Cloud forests
Iwas sitting on the patio of the Cafe Caburé looking across a dirt road into the densely forested Bajo del Tigre Reserve. A car drove by, kicking up a dust cloud. These are not the clouds you look for in the damp, verdant cloud forests of Monteverde, Costa Rica. But it had been a really dry year.
A gust of wind traveled upslope toward the cafe, and the brown cloud dissipated. I reached for my sweatshirt. Although this was the tropics, I was 4,600 feet up the mountain. The air was comfortably cool.
Then a clear, metallic call cut through the wind. A Froot Loops-colored beak protruded from the tree line. Tourists and birders jumped out of their chairs, eyes pressed to their binoculars. “Look! To the left, it’s the keel-billed toucan. Can you see it?” I heard the shouts but was focused on something else: the shocked and distressed faces of locals and other scientists like myself. The toucan was not supposed to be there. For the last decade, I have made regular visits to Monteverde to study the soil in the surrounding cloud forest, situated on the Pacific side of the Cordillera de Tilarán.
Clouds have a significant effect on what happens high up in the mountains. Less sunlight hits these forests, and in the cooler, wetter conditions that prevail, processes like decomposition operate at a slower pace than in lowland rain forests. These forests are packed with species found nowhere else.
But things are changing in Monteverde. The cloud layer is moving up the mountain.

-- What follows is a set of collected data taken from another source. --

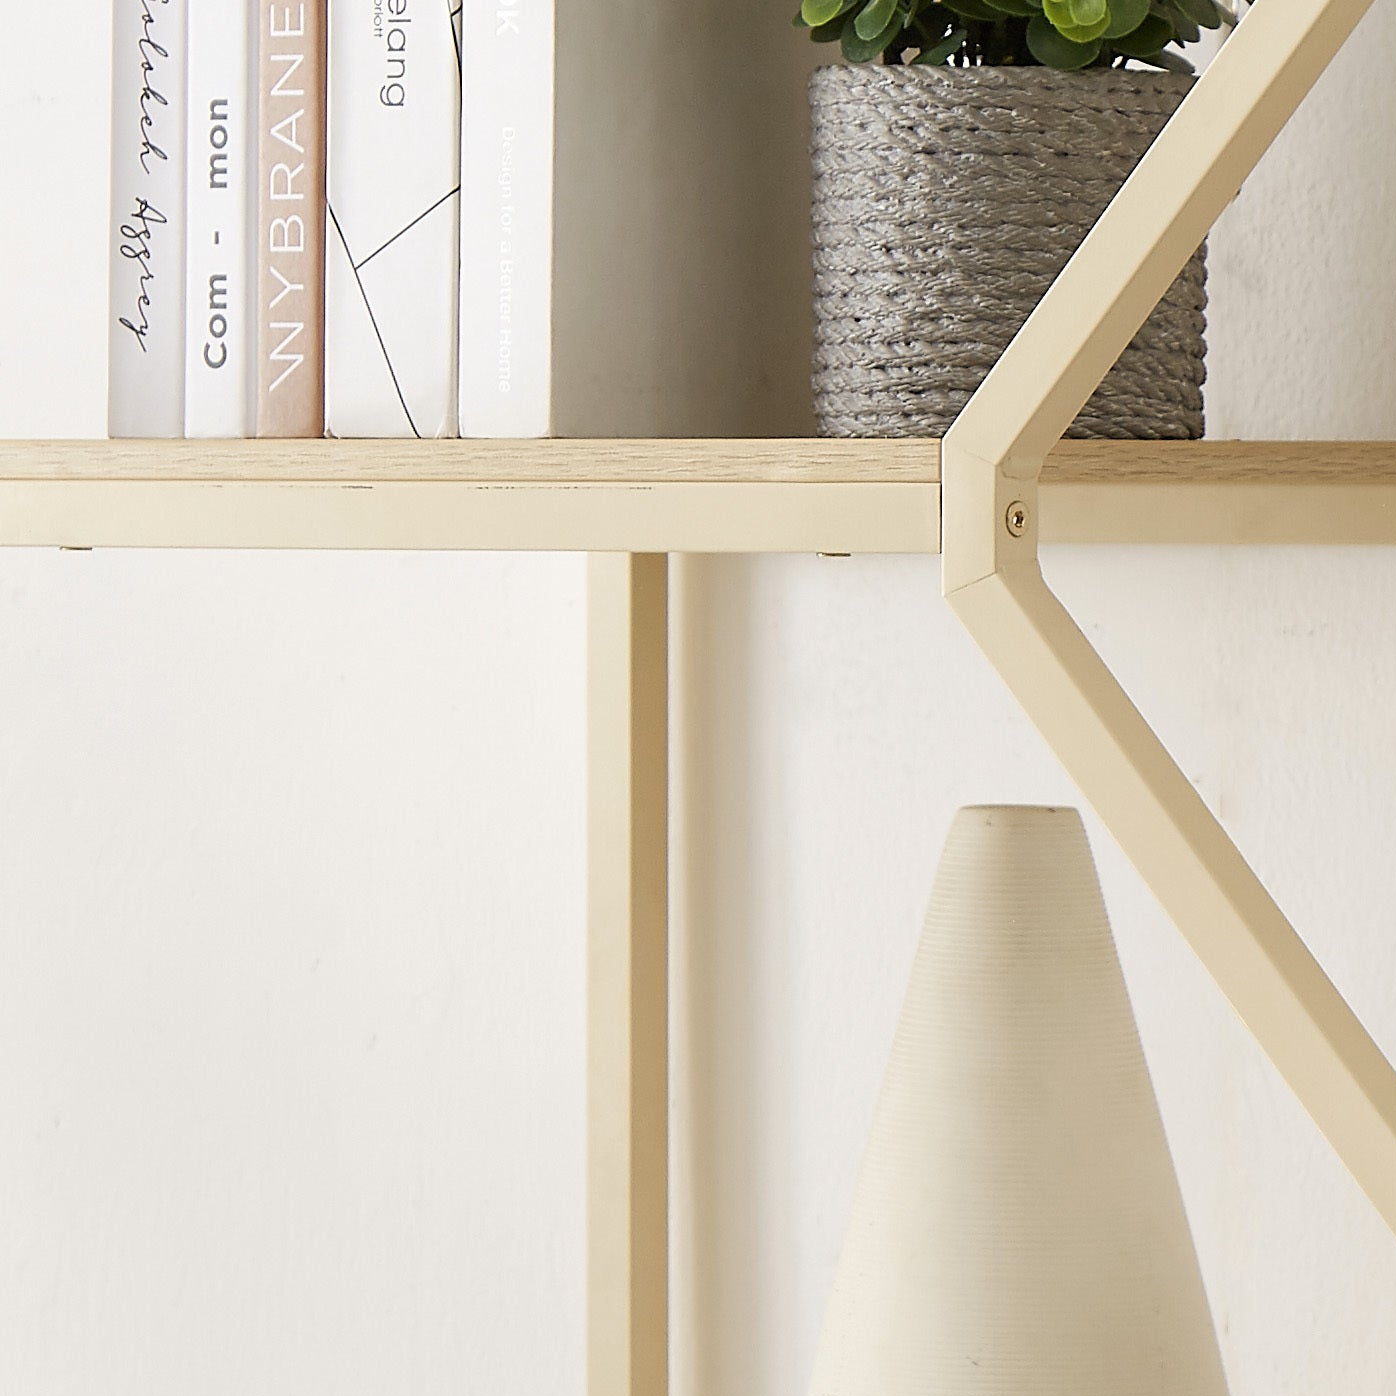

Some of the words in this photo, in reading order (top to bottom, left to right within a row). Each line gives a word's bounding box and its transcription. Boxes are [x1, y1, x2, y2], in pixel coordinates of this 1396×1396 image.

[209, 98, 229, 189] mon
[496, 127, 517, 199] Design
[267, 3, 304, 393] WYBRANE
[499, 205, 516, 236] for
[499, 240, 512, 254] a
[203, 275, 228, 370] Com
[498, 259, 515, 323] Better
[497, 329, 513, 393] Home

Warmer temperatures in the lowlands are causing clouds to form higher up than they should, and the forests that were once enveloped in these mists now suffer long dry spells. This is affecting not only the animals and plants, but also the soils I study. As the damp ground dries, dead plants break down faster, releasing carbon dioxide into the atmosphere.

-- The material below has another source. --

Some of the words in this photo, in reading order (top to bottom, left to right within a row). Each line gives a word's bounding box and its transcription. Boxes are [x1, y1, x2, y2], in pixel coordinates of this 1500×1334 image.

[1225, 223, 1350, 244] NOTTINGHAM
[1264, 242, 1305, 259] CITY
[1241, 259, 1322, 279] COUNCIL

In these changing situations, species either adapt, move or die. That’s why the keel-billed toucan we saw was so high on the mountain. The toucan was moving up as the climate below warmed.
Of course, this is a problem not just in Costa Rica. Uphill migrations are happening throughout the tropics right now. Tropical plants and animals tend to tolerate only very narrow temperature ranges. Small deviations are a big deal. So mountains can provide temporary relief for lowland species as temperatures warm. That is, until they get to the top and there is nowhere else to go.
This can lead to local extinctions, as species vanish from certain areas. And although these local extinctions do not always lead to global eradication, they do give us a good indication of how a species might fare overall in the future.
We don’t just have studies that indicate such movement is taking place; you can see it happening, even during a meal on a patio.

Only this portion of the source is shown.